MACKY SALL:  »LE PEUPLE A SU DÉJOUER LA MANIPULATION »

Depuis où il se trouve, le président de la République s’est réjoui de l’adoption de la loi sur le parrainage, de la maturité du peuple sénégalais et de la sérénité des députés de la majorité qui ont su mener le débat jusqu’à son terme.

L’adoption par l’Assemblée nationale, de la loi sur le parrainage ne laisse pas indifférent le président de la République. Depuis Paris où il séjourne, Macky Sall a tenu à marquer sa satisfaction. ‘’C’est un moment historique, ce qui s’est passé à l’Assemblée nationale du Sénégal, saisie par le gouvernement pour voter une révision constitutionnelle qui a pour vocation de prévenir les risques de blocage de notre système électoral tel que nous avons failli le vivre le 30 juillet 2017 à l’occasion des élections législatives avec 47 listes en compétition’’, s’est d’abord réjoui le chef de l’Etat.

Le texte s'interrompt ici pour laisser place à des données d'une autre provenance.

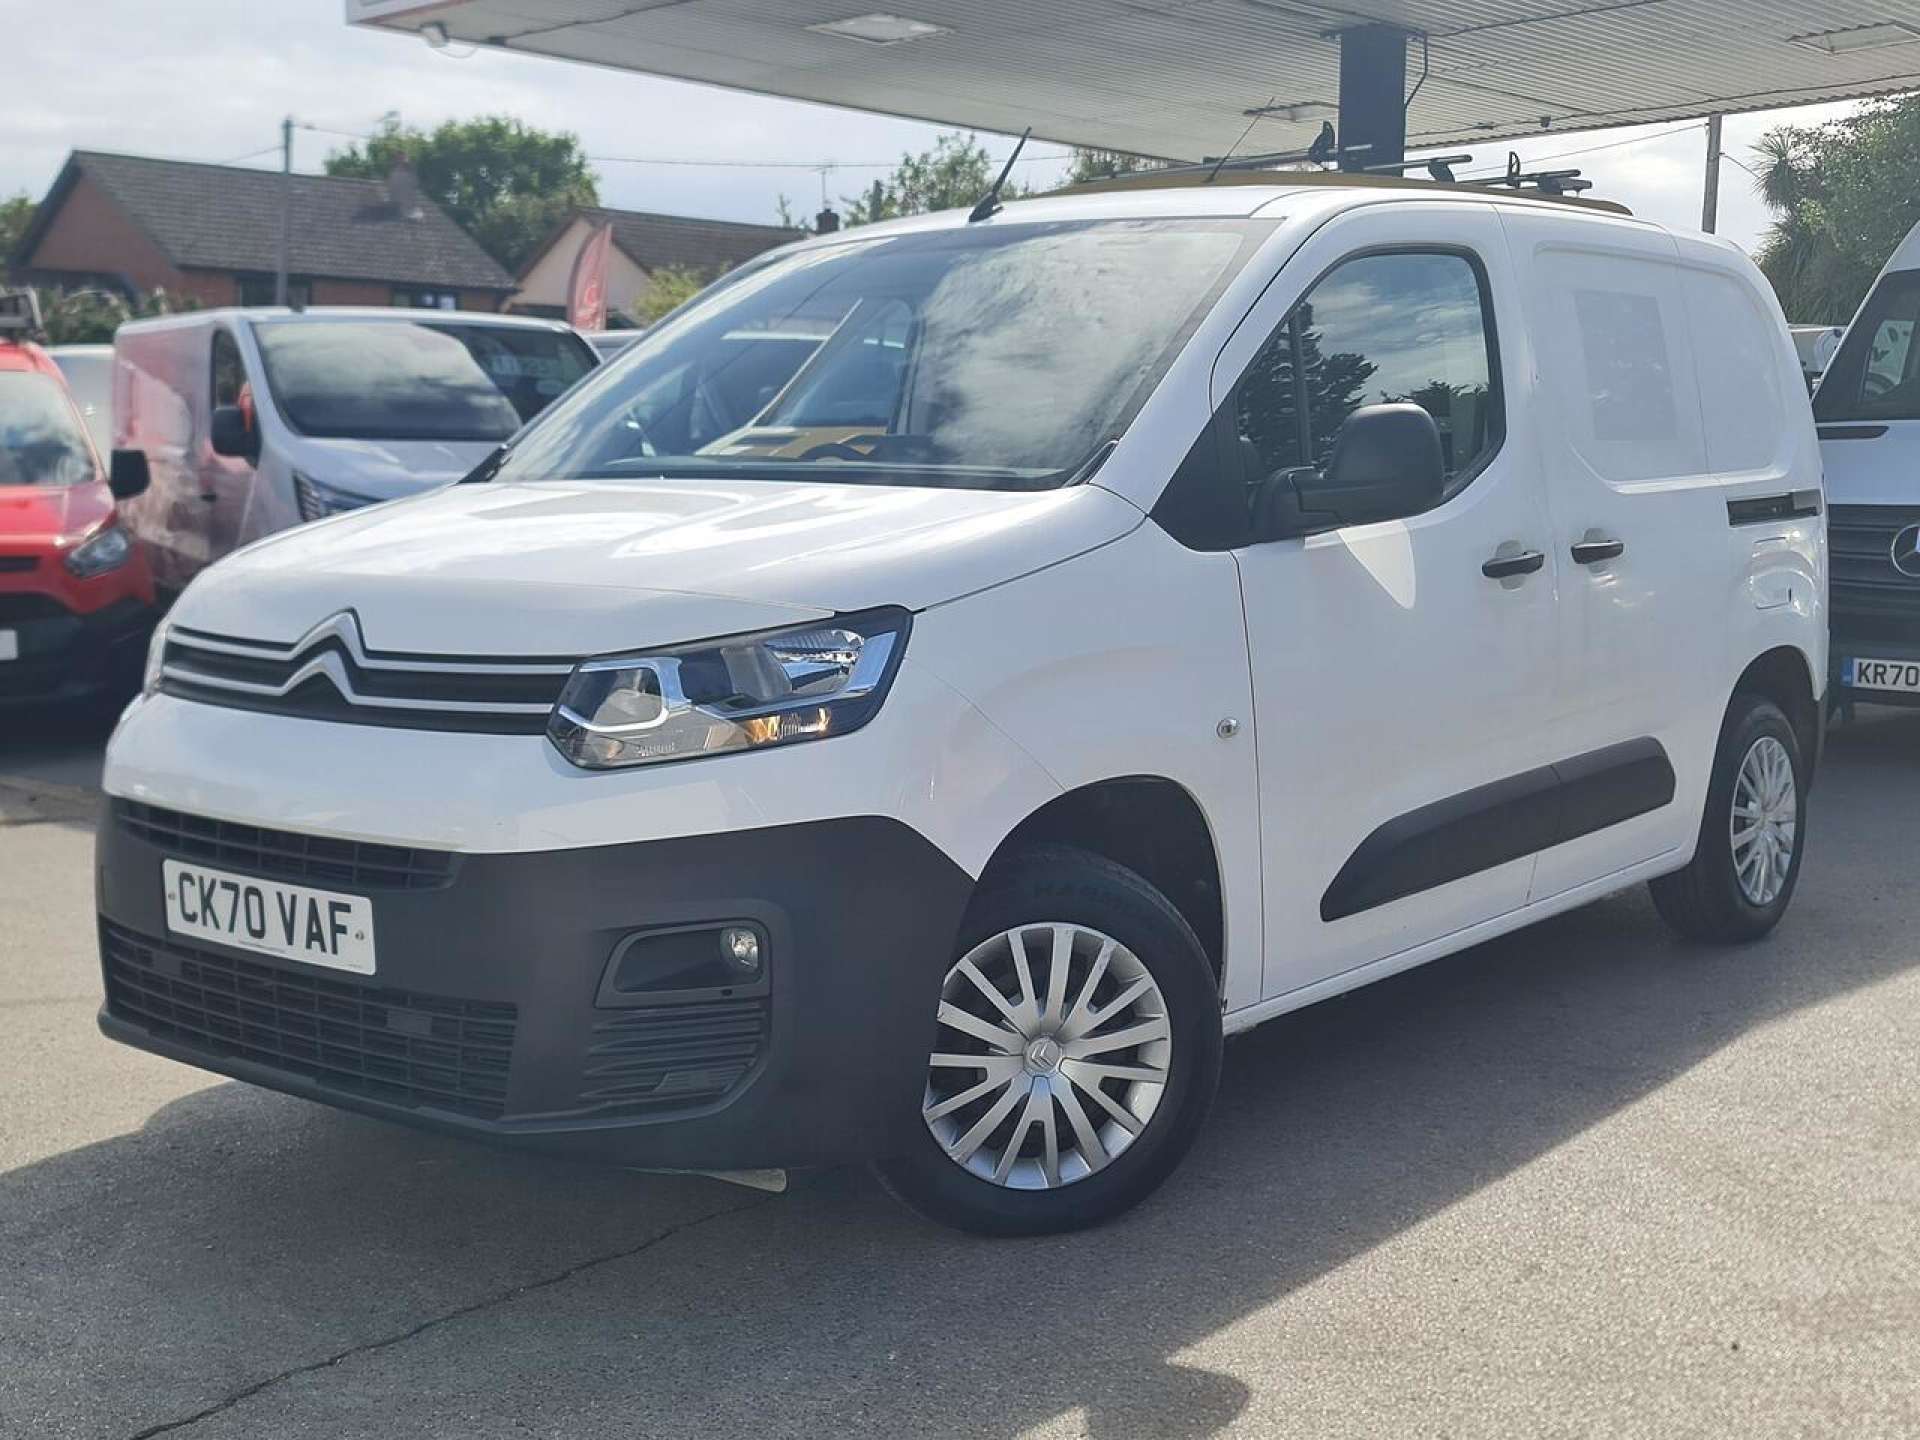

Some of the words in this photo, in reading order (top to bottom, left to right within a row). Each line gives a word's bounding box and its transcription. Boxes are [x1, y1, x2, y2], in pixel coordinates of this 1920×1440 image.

Selon le président de la République, cette loi qui vient d’être adoptée contribuera à rationaliser l’espace politique sénégalais. ‘’Aujourd’hui, le Sénégal a environ 300 partis politiques. Il y a déjà dans le bureau du ministre de l’Intérieur, une vingtaine de demandes d’agrément. Cela veut dire que si rien n’est pas fait d’ici l’élection à venir, nous pourrions nous retrouver avec plus de 500 partis politiques. Ça, c’est devenu de l’anarchie qui, si elle n’est pas jugulée, va entrainer le blocage du système électoral’’. Macky Sall d’indiquer qu’on n’a jamais vu une fois dans le monde, une élection où nous retrouvons une quarantaine ou une cinquantaine de listes. Cela finira, selon lui, par tuer notre démocratie. ‘’Nous avons lancé un appel à la classe politique et à la société civile déjà au lendemain de la révision constitutionnelle par référendum, le 20 mars 2016 et j’avais dit : nous avons terminé la révision de la constitution, il faut engager des discussions pour arriver à définir dans le consensus, les mesures législatives qui vont accompagner la constitution. Et l’opposition sénégalaise dans sa majorité a décidé qu’elle refusait de s’asseoir avec le régime. Dans une démocratie, si les gens ne veulent pas dialoguer politiquement, il y avait le moyen de dialoguer au parlement. Là aussi, ils n’ont pas voulu’’, se désole-t-il. Non sans relever que c’est une minorité qui a voulu imposer sa loi à la majorité. Ce qui, selon lui, n’existe dans aucune démocratie. ‘’Nous leur avons dit qu’il y a moyen d’aménager. D’ailleurs, la majorité a pris sur elle-même la décision de diminuer jusqu’à 0.8% au minimum et 1% au maximum. Donc l’option ici, ce n’est pas d’éliminer qui que ce soit. Nous ne le pourrons même pas. Je crois que le peuple sénégalais dans sa maturité et dans sa grandeur, a su déjouer ce qui a été une manipulation de longue date. On a fait croire aux gens que ça va être le retour du 23 juin, on va dégager le président de la République. Nos députés sont à féliciter puisqu’ils ont su déjouer toutes les manipulations orchestrées pour que ce débat ne tienne pas lieu. Avec lucidité et responsabilité, ils ont su mener le débat jusqu’à son terme et adopter cette révision’’, déclare-t-il.